NCRB goofs up on number of arrests under cyber law Sec 66A
The National Crime Records Bureau (NCRB) conceded on Friday that its crime statistics for 2014 and 2015 had misreported cases registered under Section 66A, a cyber law under the Information Technology Act that was scrapped by the Supreme Court last year.
The NCRB’s ‘Crime in India’ report released last month had put the number of people arrested under Section 66A at 3,137 in 2015 and 2423 in 2014. This implied that the police arrested, on an average, 8 people every day in 2015 though the law had been scrapped for violating the constitutional freedom of speech and expression.
Section 66A prescribed a three-year jail term for online content that could be construed to be offensive or false.
The NCRB reviewed figures in its reports after the Hindustan Times report, SC scrapped it, but thousands held last year under dead cyber law, provoked widespread outrage. Rajya Sabha MP, Rajeev Chandrasekhar, who had campaigned against Section 66A, wrote to the Prime Minister and called for an end to abuse of the provision.
On Friday evening, the NCRB put our a corrigendum on its website to fix errors in its report.
Told about the errors, Chandrasekhar told HT that he was happy to know that the provision wasn’t as abused as the NCRB report had indicated. But he stressed the episode had an important lesson for the NCRB.
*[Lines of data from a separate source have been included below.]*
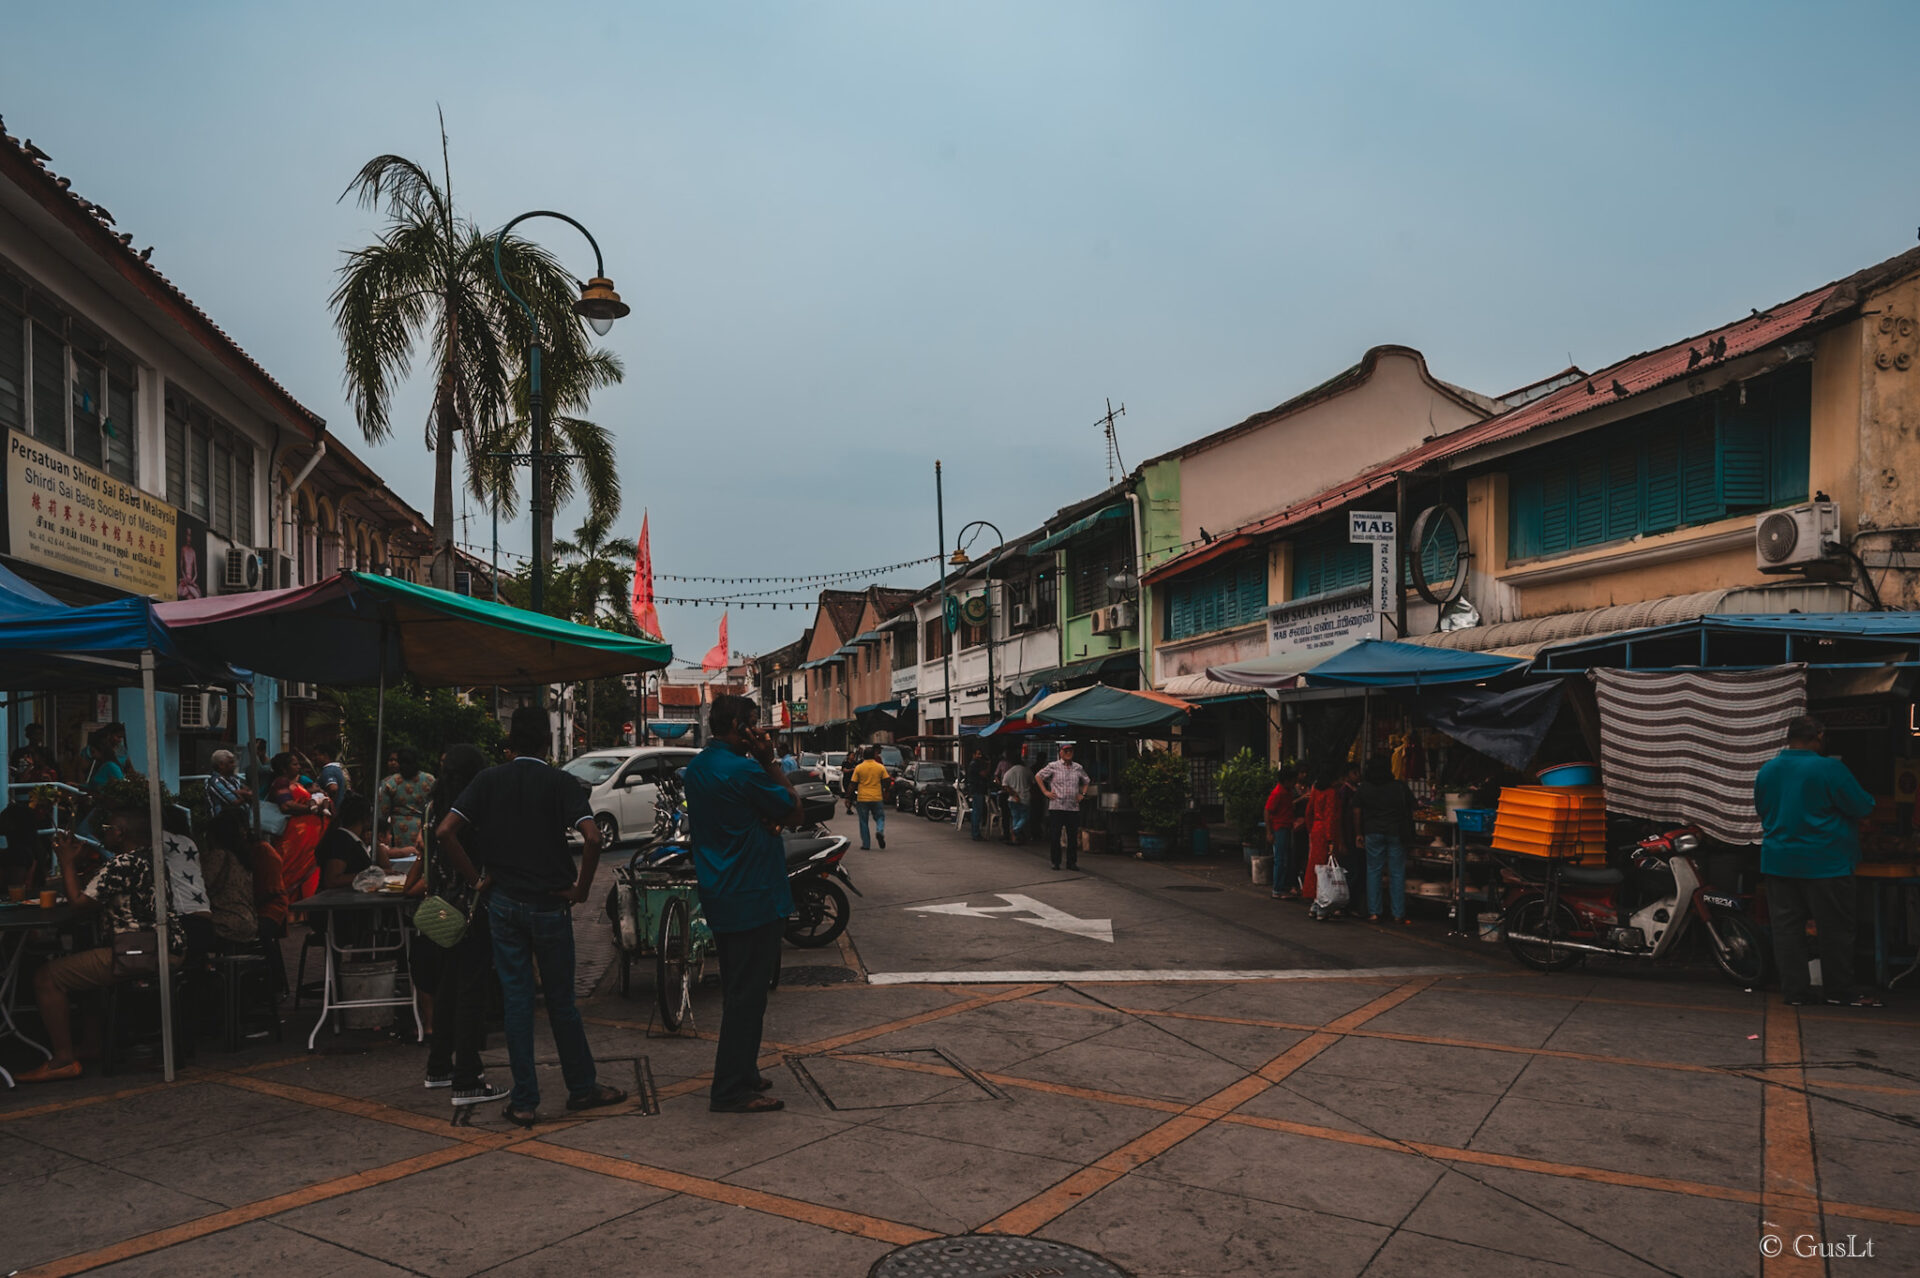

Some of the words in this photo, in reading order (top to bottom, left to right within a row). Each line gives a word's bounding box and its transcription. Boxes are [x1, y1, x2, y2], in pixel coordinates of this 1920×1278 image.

[11, 437, 70, 477] Persatuan
[73, 465, 100, 491] Shirdi
[103, 479, 116, 499] Sai
[119, 487, 141, 509] Baba
[143, 498, 176, 526] Malaysia
[25, 467, 56, 492] Shirdi
[59, 480, 73, 499] Sai
[76, 488, 95, 509] Baba
[97, 498, 127, 523] Society
[128, 513, 137, 526] of
[138, 519, 168, 540] Malaysia
[1353, 521, 1393, 533] MAB
[1272, 612, 1290, 626] MAB
[1291, 606, 1319, 622] SALAM
[1321, 593, 1373, 615] ENTERPRISE
[1273, 631, 1287, 641] MAB
“Given that NCRB is the repository of all crime data--that forms the basis for public opinion and policy decisions-- this body needs to be a lot more circumspect about the integrity of the data that it produces,” Chandrasekhar said.
The goof up
NCRB’s review indicated that it had collected a combined figure for Section 66, which relates to unauthorised access to a computer or an account, and Section 66A from the state police forces. But this combined figure was attributed to Section 66A in the NCRB report.
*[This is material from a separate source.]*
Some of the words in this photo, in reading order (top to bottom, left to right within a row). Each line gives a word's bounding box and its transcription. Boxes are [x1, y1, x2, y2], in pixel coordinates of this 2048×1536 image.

A quick inquiry revealed that a software engineer who wrote the computer program two years back apparently knocked out Section 66 because the two sections did not fit in. The engineer did not realise how it would impact the data integrity.
Implications
Since the error had crept in 2014, the NCRB’s report for last year too has the same inaccuracy but it went undetected. And thus, no attempt at NCRB to review its figures, and procedures.
So when Biju Janata Dal MP Tathagata Satpathy asked the government how many people were booked under Section 66A, the then IT minister Ravi Shankar Prasad relied on the same set of NCRB figures. Parliament was told that 4037 cases had been registered by the police under Section 66A in 2014. As it now turns out, this too was an exaggeration.
Since the state crime records bureau also use the same NCRB software, corresponding state-level reports also suffer from the same anomaly vis-a-vis Section 66A.
But this also means that nobody really knows how many people were really sent to jail under the draconian provision in 2014, or 2015.
Problems elsewhere too
NCRB officials have also detected issues with regard to another set of data, but this is on account of faulty reporting by the state police. According to the NCRB report, the courts had compounded hundreds of cases relating murder and rape. If this was true, it too would be in violation of the Supreme Court guidelines that restrict high courts from dismissing heinous criminal cases even if the victim and accused arrive at a compromise. When HT pointed it out, an NCRB official said it could be a mistake in reporting from the states. He said a clarification would be sought from the states.